QROPS were introduced in 2006 as part of a major overhaul of Britain’s pension framework, aimed at simplifying pension transfers to another country. HM Revenue and Customs (HMRC), the UK tax authority, passed legislation to comply with an EU directive for pensions to be free to move across Europe’s borders. This ruling means that individuals wishing to retire to France, Spain, and Portugal can effectively take their UK pension funds.

2. QROPS rules and regulations: What makes a scheme a QROPS?

As in every process, there are rules and regulations to ensure that the transfer functions correctly. The QROPS rules set by HMRC are consistent with UK rules. It is necessary to abide by these rules for the overseas pension scheme to be accepted by HMRC. The criteria outlined by HMRC for a foreign pension to qualify as a QROPS include:

  • The pension scheme must be an overseas pension scheme
  • It must register with the country’s tax authority as a pension scheme
  • The local pension scheme state regulator should oversee the administration of the scheme

What is a QROPS pension transfer?

Put simply, your pension savings, whether from one UK pension or several pensions, are transferred into an overseas pension scheme. In addition, the QROPS does not have to be established in your country of residence, thus providing greater choice for your savings.

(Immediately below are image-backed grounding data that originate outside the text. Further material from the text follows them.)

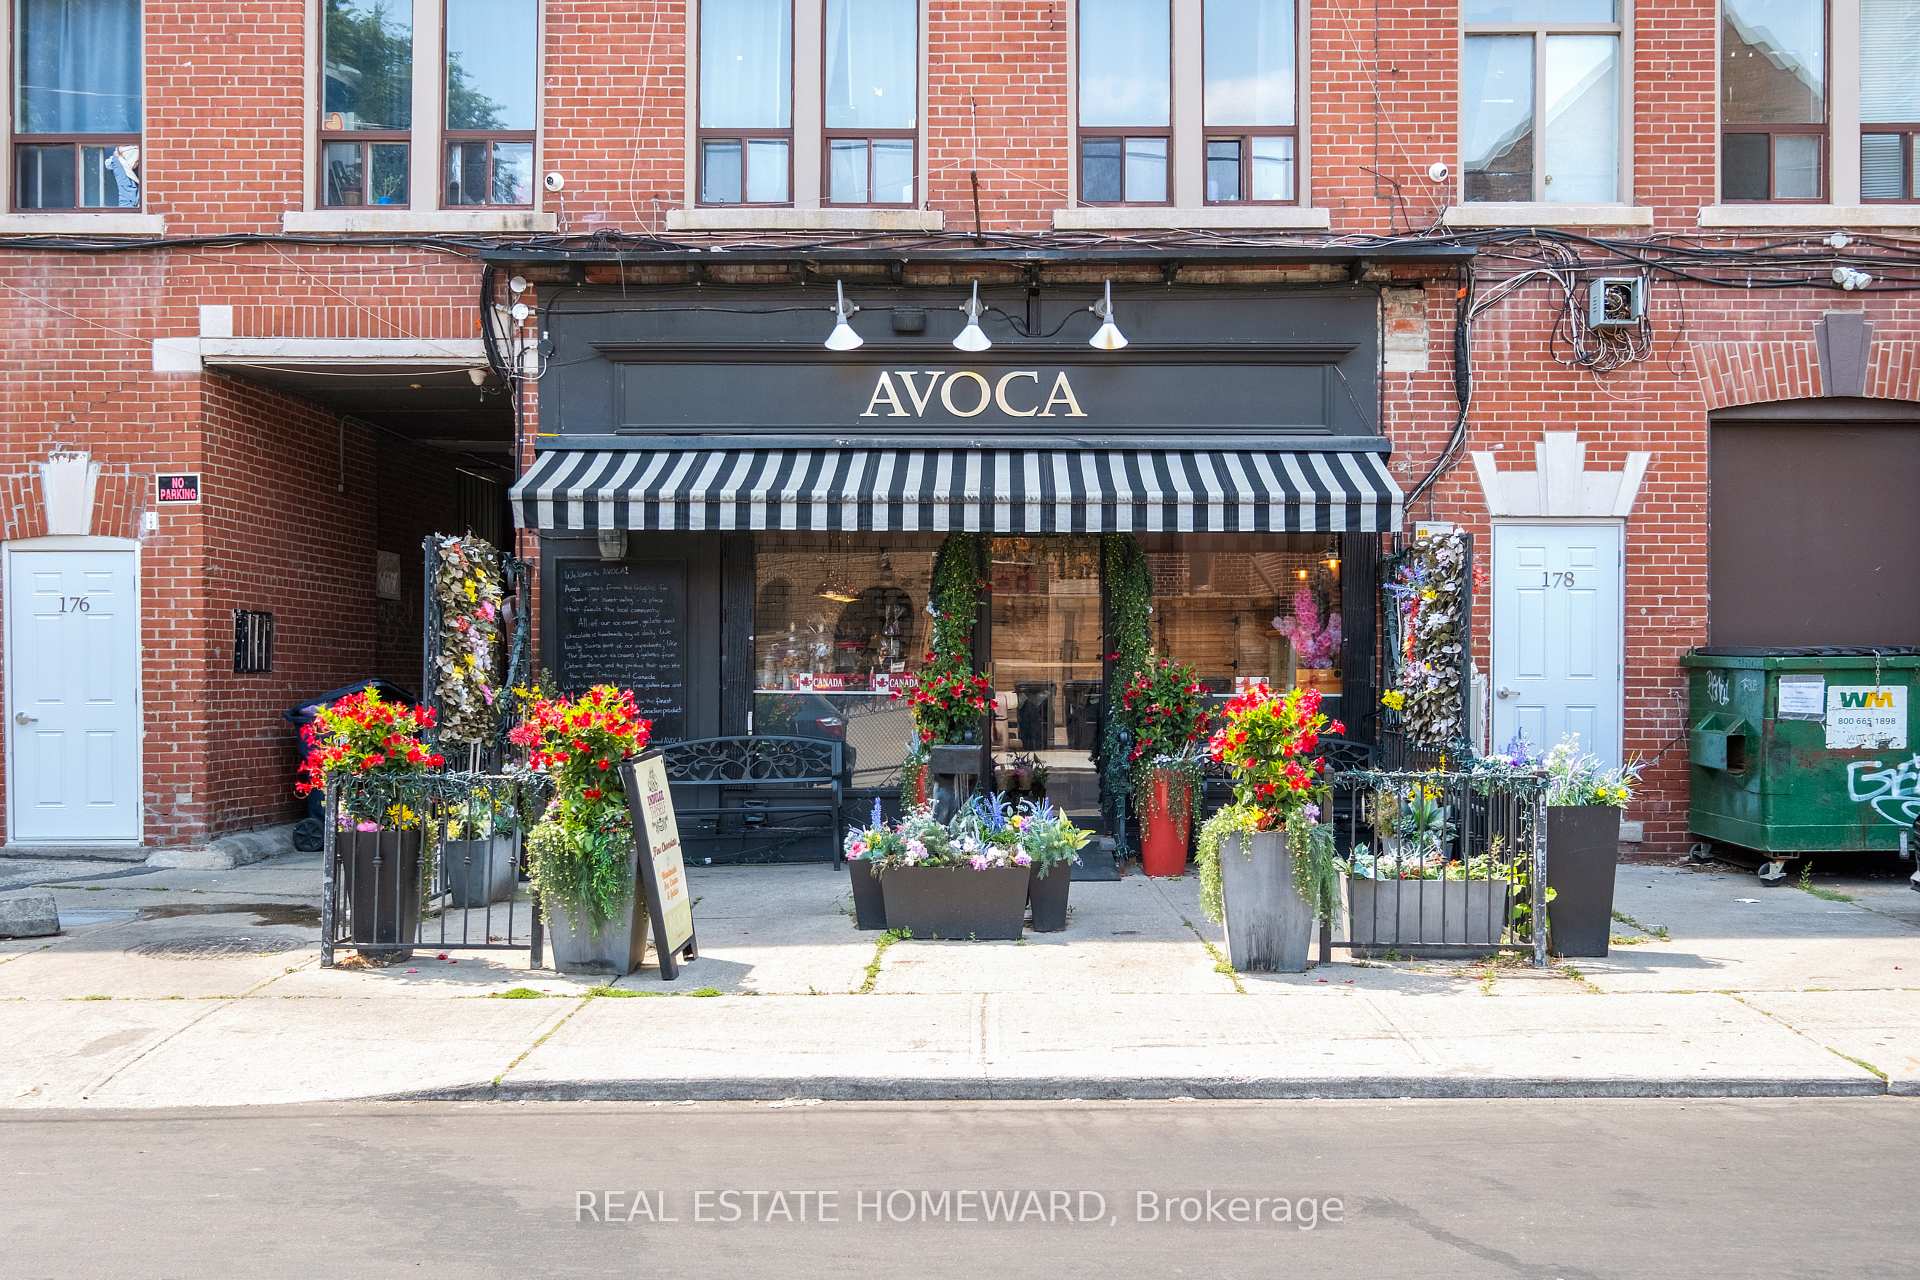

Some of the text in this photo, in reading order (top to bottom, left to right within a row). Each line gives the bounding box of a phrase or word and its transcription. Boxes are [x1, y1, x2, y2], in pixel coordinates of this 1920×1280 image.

[860, 371, 1088, 417] AVOCA
[172, 478, 184, 488] NO
[160, 489, 196, 500] PARKING
[1542, 571, 1574, 588] 178
[59, 596, 90, 613] 176
[813, 678, 843, 688] CANADA
[890, 678, 919, 688] CANADA
[1840, 692, 1895, 708] WM
[1838, 717, 1896, 725] 800 665 1898
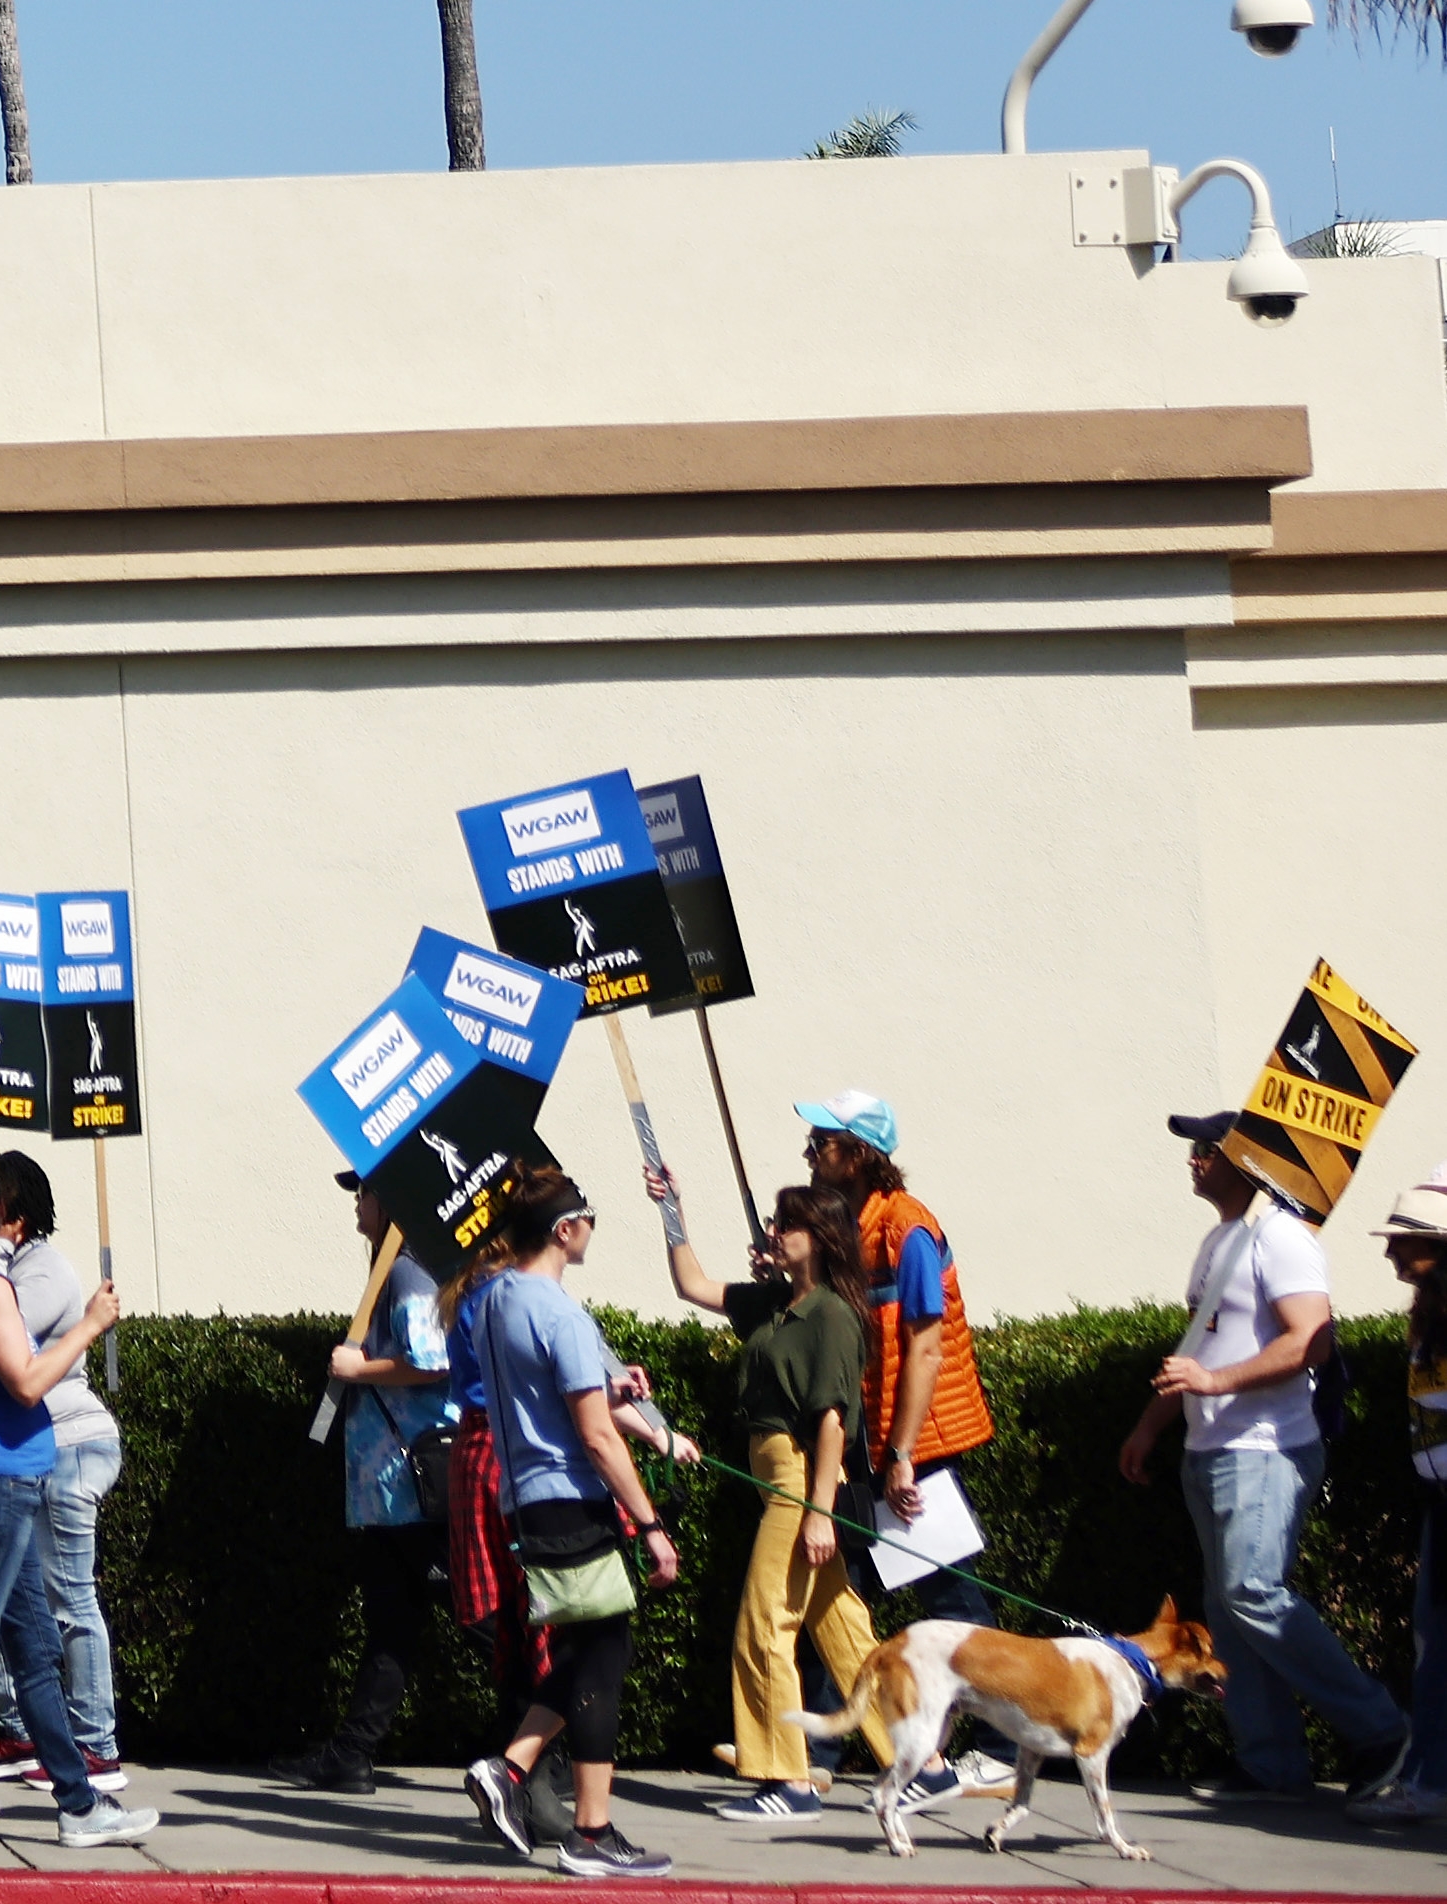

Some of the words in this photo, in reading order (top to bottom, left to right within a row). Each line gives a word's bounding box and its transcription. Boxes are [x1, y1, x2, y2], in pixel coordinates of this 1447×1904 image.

[510, 806, 589, 840] WGAW
[644, 808, 677, 830] GAW
[506, 856, 575, 894] STANDS
[574, 842, 625, 877] WITH
[669, 847, 700, 874] WITH
[65, 919, 108, 937] WGAW
[57, 964, 97, 993] STANDS
[98, 963, 123, 991] WITH
[455, 966, 532, 1009] WGAW
[585, 974, 650, 1007] RIKE!
[587, 972, 608, 987] ON
[344, 1028, 405, 1092] WGAW
[487, 1027, 534, 1065] WITH
[72, 1104, 125, 1128] STRIKE!
[360, 1085, 419, 1148] STANDS
[408, 1051, 454, 1100] WITH
[1261, 1075, 1292, 1115] ON
[1294, 1088, 1367, 1141] STRIKE
[472, 1190, 490, 1208] ON
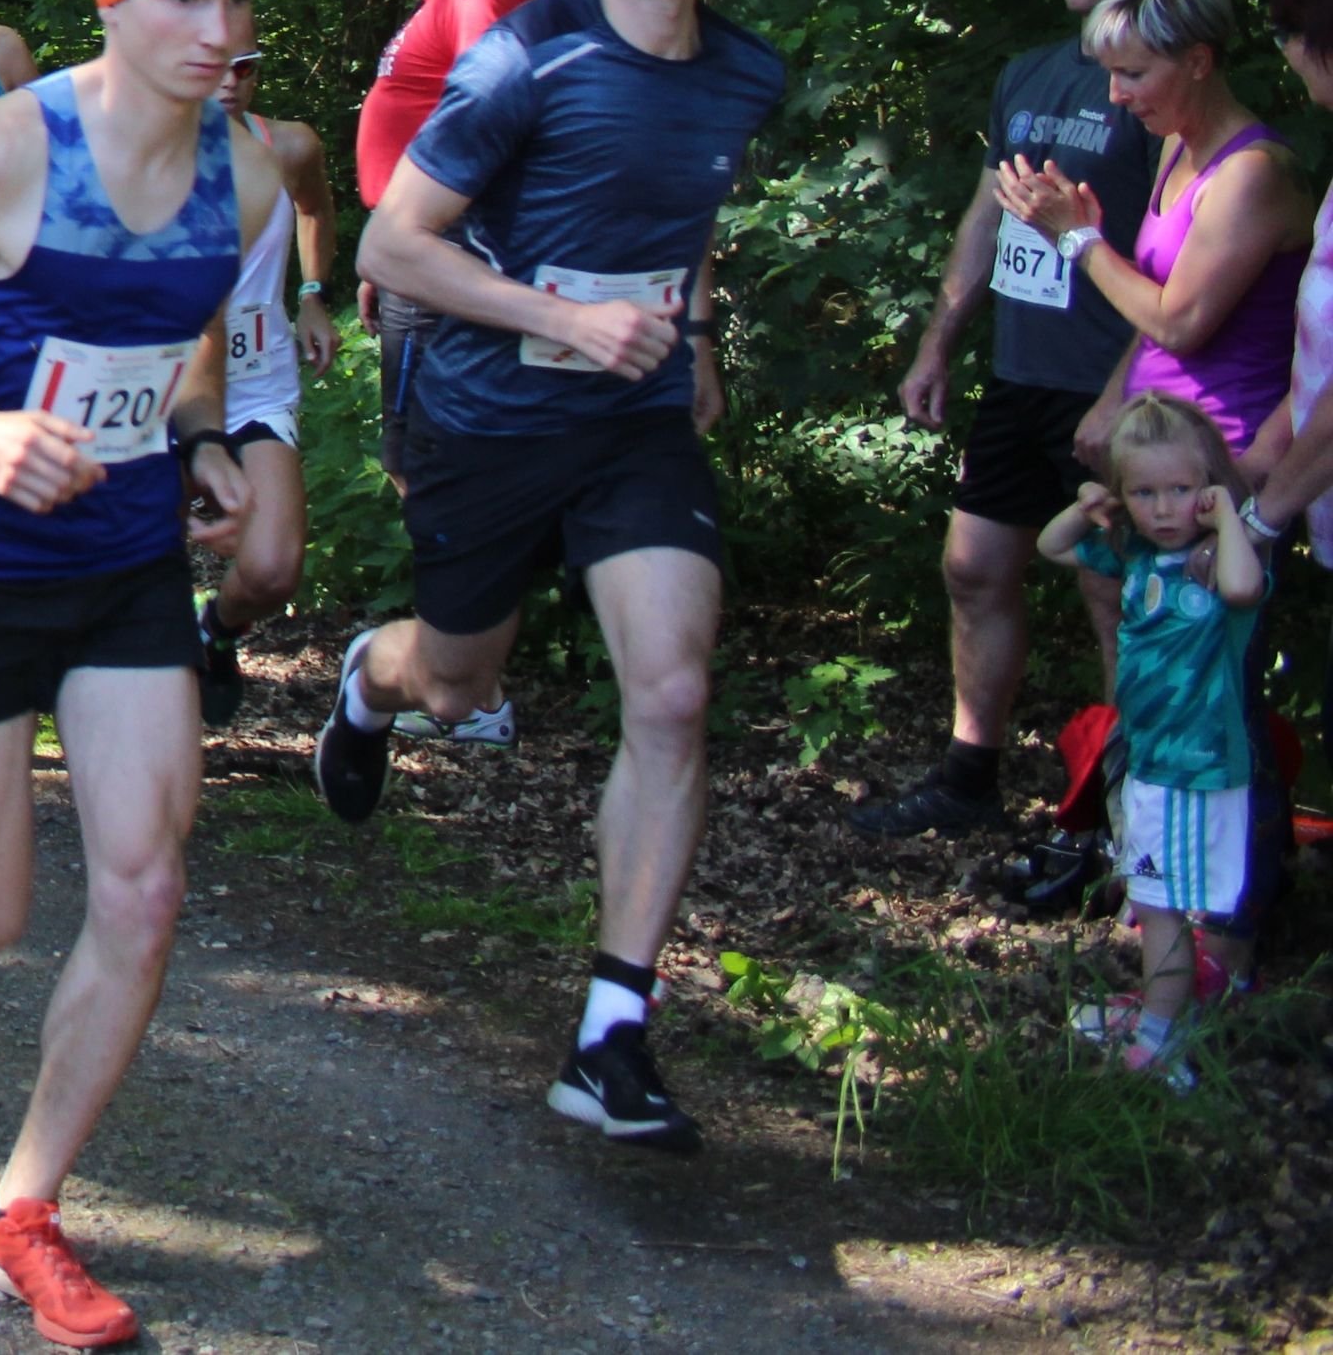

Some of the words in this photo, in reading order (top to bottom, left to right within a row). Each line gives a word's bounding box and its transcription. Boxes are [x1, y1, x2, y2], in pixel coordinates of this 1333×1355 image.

The QROPS regime must mirror that of a regulated pension scheme in the UK. Subsequently, a person who leaves the UK and takes their pension savings with them should be in a similar position as someone who remains in the UK with their pension savings.

Who is eligible for a pension transfer?

If you wish to transfer your pension from the UK, you must have already left the country for tax purposes or intend to go shortly. Once a tax resident in an EU country, you can transfer your pension fund from the UK into a QROPS as you would transfer between pension providers within the UK. Those eligible for such a pension transfer include:

Qualification for a UK pension transfer to a QROPS

To qualify for a QROPS, an individual should fulfil the following criteria:

  • He/she must be between the ages of 18 and 75 years.
  • Be either a British national who lives abroad or an individual who has previously worked in the UK and owns UK personal or corporate pension plans.
  • Have a pension fund above £75,000 for this arrangement to be cost-effective. Some providers will allow individuals to top-up their fund to meet minimum transfer value requirements.
  • Applicants for a QROPS need to prove that they have left the UK or plan to do so within the next 12 months. A property lease or formal offer of employment will suffice.

UK pensions eligible for transfer to a QROPS

You can transfer the following recognised pensions:

  • Personal Pensions
  • Final Salary Pensions
  • Money Purchase Schemes
  • Civil Service and Armed Forces

It is possible to transfer Guaranteed Minimum Pension (GMP) and protected rights to a QROPS. However, the member must consent in writing and acknowledge that the transfer is at their own risk.

Who is not eligible for a QROPS?

Making a pension transfer to a QROPS is not always a viable option. For example, UK pension funds that are not eligible include:

  • Any pension which has previously purchased an annuity. However, if you have already taken a lump-sum payment from your pension pot and have not bought a lifetime annuity, you may still qualify for a QROPS.
  • Any pension that has already made a distribution from a ‘final salary scheme’.
  • UK State pensions.

**Note: Pensions may be subject to UK tax and scrutiny from HMRC for the first ten years of non-UK residency.

When not to use QROPS?

A transfer to an overseas pension may not be permissible even if it qualifies as having QROPS status by HMRC. Eligibility also depends on the scheme being able to accept a transfer under the legislation of the host state country.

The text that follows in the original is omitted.